Still, this atheist does think this represents an important step in removing religion from its dominant position in society.
It also depends on the context and the purpose of the survey. With a sample size of n=1000, you can get a general sense of the population’s opinions or characteristics if the sample is representative of the population and the survey is well-designed. However, larger sample sizes may be needed if you want to make inferences with more precision or if your population is very diverse, or if you want to drill into sub-segments within the population that may be niche and hard to reach (e.g., minority ethnic groups).
In that article. I am saying religious groups have niche minorities similar to minority ethnic groups.
The survey isn’t about the “niche” subset of the population that is religious. It is about the composition of the entire population. Not a subset of the population so that isn’t relevant.

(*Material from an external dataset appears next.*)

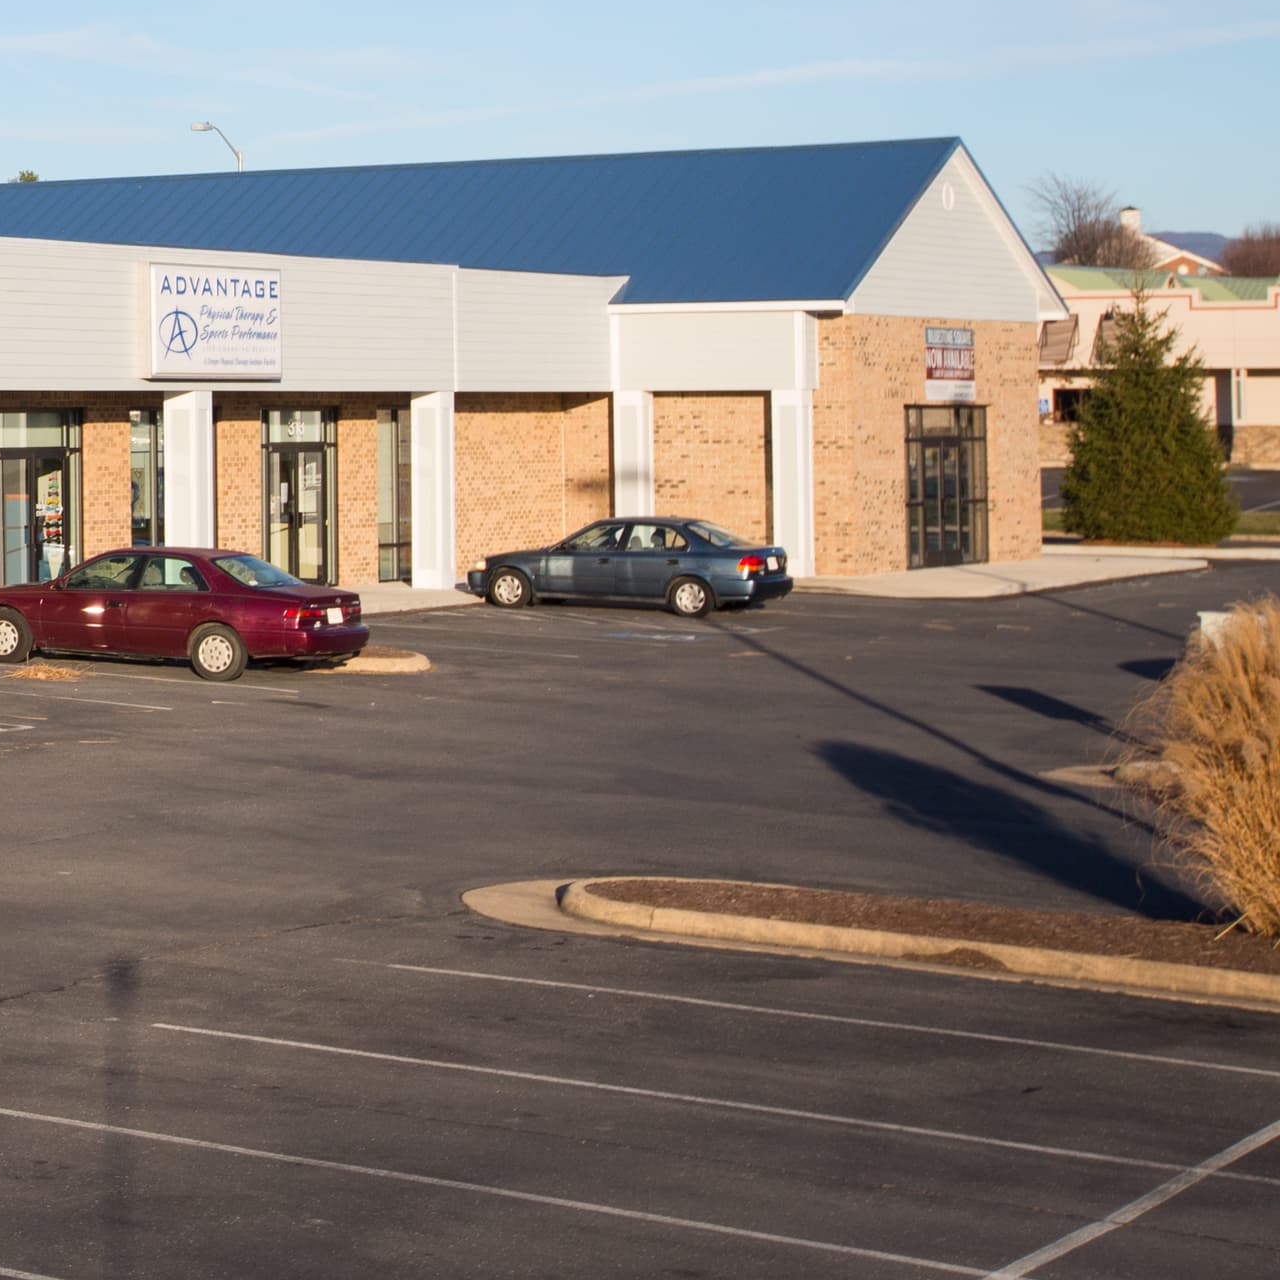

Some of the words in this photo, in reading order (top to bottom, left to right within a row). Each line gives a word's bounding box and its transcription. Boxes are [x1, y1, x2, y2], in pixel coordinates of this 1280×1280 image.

[160, 274, 278, 298] ADVANTAGE
[925, 348, 943, 368] NOW
[944, 349, 975, 369] AVAILABLE

Edit: to be clear, I understand that there may be some niche subsets within this survey that may not be represented because there are only 20 people in the US that believe in that weird religion, but again, that has nothing to do with the larger, non-niche subsets which are absolutely represented with enough accuracy to draw statically significant conclusions with a sample size of 1000
I said for religious selection 3,300 is too small a sample size. Their previous studies show they have much larger sample sizes for religious diversity. There’s over 4k religions in the world and while those aren’t all represented in the US I think the sample size should exceed the possible variety.